> _Problem details_: Please give an exact transcription of the records shown below.

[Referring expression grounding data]
++++

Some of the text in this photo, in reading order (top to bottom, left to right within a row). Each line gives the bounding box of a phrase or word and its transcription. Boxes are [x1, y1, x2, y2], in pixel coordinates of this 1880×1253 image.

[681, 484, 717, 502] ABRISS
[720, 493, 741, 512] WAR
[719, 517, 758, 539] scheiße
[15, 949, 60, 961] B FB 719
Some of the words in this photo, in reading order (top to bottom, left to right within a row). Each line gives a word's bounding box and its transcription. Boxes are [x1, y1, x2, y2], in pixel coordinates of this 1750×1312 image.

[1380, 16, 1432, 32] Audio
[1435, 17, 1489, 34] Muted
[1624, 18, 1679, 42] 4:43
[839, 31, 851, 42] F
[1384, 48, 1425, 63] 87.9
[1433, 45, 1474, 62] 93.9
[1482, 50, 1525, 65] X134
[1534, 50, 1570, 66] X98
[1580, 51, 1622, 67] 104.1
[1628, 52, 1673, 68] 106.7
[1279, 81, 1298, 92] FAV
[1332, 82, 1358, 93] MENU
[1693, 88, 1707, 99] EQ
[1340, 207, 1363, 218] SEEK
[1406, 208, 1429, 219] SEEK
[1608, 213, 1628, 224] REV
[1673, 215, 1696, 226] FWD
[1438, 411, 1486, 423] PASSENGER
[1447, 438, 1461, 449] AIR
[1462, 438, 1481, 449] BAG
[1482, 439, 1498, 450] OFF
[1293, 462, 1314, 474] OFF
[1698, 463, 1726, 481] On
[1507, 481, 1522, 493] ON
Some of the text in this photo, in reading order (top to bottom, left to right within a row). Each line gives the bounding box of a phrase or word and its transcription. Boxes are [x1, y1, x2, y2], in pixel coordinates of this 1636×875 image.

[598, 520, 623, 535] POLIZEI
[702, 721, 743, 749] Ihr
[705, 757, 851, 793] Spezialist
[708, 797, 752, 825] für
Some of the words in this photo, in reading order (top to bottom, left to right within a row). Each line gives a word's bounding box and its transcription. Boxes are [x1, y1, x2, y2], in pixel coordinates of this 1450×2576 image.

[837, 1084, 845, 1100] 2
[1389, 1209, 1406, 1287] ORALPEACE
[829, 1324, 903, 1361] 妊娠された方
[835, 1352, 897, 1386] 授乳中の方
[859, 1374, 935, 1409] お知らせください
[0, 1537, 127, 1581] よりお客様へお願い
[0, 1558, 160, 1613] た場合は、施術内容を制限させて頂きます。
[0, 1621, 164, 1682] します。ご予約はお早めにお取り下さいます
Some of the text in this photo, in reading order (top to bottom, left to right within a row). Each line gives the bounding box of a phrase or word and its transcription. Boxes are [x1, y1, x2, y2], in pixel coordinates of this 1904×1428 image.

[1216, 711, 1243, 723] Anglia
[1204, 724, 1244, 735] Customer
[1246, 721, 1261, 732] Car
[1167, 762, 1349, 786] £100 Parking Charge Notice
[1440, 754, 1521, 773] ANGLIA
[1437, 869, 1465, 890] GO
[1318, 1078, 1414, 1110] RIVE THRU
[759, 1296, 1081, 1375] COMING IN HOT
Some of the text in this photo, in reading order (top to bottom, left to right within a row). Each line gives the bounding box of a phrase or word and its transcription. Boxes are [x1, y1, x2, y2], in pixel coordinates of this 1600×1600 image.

++++

> _Response for this exercise_:
Some of the text in this photo, in reading order (top to bottom, left to right within a row). Each line gives the bounding box of a phrase or word and its transcription. Boxes are [x1, y1, x2, y2], in pixel coordinates of this 1880×1253 image.

[681, 484, 717, 502] ABRISS
[720, 493, 741, 512] WAR
[719, 517, 758, 539] scheiße
[15, 949, 60, 961] B FB 719
Some of the words in this photo, in reading order (top to bottom, left to right within a row). Each line gives a word's bounding box and its transcription. Boxes are [x1, y1, x2, y2], in pixel coordinates of this 1750×1312 image.

[1380, 16, 1432, 32] Audio
[1435, 17, 1489, 34] Muted
[1624, 18, 1679, 42] 4:43
[839, 31, 851, 42] F
[1384, 48, 1425, 63] 87.9
[1433, 45, 1474, 62] 93.9
[1482, 50, 1525, 65] X134
[1534, 50, 1570, 66] X98
[1580, 51, 1622, 67] 104.1
[1628, 52, 1673, 68] 106.7
[1279, 81, 1298, 92] FAV
[1332, 82, 1358, 93] MENU
[1693, 88, 1707, 99] EQ
[1340, 207, 1363, 218] SEEK
[1406, 208, 1429, 219] SEEK
[1608, 213, 1628, 224] REV
[1673, 215, 1696, 226] FWD
[1438, 411, 1486, 423] PASSENGER
[1447, 438, 1461, 449] AIR
[1462, 438, 1481, 449] BAG
[1482, 439, 1498, 450] OFF
[1293, 462, 1314, 474] OFF
[1698, 463, 1726, 481] On
[1507, 481, 1522, 493] ON
Some of the text in this photo, in reading order (top to bottom, left to right within a row). Each line gives the bounding box of a phrase or word and its transcription. Boxes are [x1, y1, x2, y2], in pixel coordinates of this 1636×875 image.

[598, 520, 623, 535] POLIZEI
[702, 721, 743, 749] Ihr
[705, 757, 851, 793] Spezialist
[708, 797, 752, 825] für
Some of the words in this photo, in reading order (top to bottom, left to right within a row). Each line gives a word's bounding box and its transcription. Boxes are [x1, y1, x2, y2], in pixel coordinates of this 1450×2576 image.

[837, 1084, 845, 1100] 2
[1389, 1209, 1406, 1287] ORALPEACE
[829, 1324, 903, 1361] 妊娠された方
[835, 1352, 897, 1386] 授乳中の方
[859, 1374, 935, 1409] お知らせください
[0, 1537, 127, 1581] よりお客様へお願い
[0, 1558, 160, 1613] た場合は、施術内容を制限させて頂きます。
[0, 1621, 164, 1682] します。ご予約はお早めにお取り下さいます
Some of the text in this photo, in reading order (top to bottom, left to right within a row). Each line gives the bounding box of a phrase or word and its transcription. Boxes are [x1, y1, x2, y2], in pixel coordinates of this 1904×1428 image.

[1216, 711, 1243, 723] Anglia
[1204, 724, 1244, 735] Customer
[1246, 721, 1261, 732] Car
[1167, 762, 1349, 786] £100 Parking Charge Notice
[1440, 754, 1521, 773] ANGLIA
[1437, 869, 1465, 890] GO
[1318, 1078, 1414, 1110] RIVE THRU
[759, 1296, 1081, 1375] COMING IN HOT
Some of the text in this photo, in reading order (top to bottom, left to right within a row). Each line gives the bounding box of a phrase or word and its transcription. Boxes are [x1, y1, x2, y2], in pixel coordinates of this 1600×1600 image.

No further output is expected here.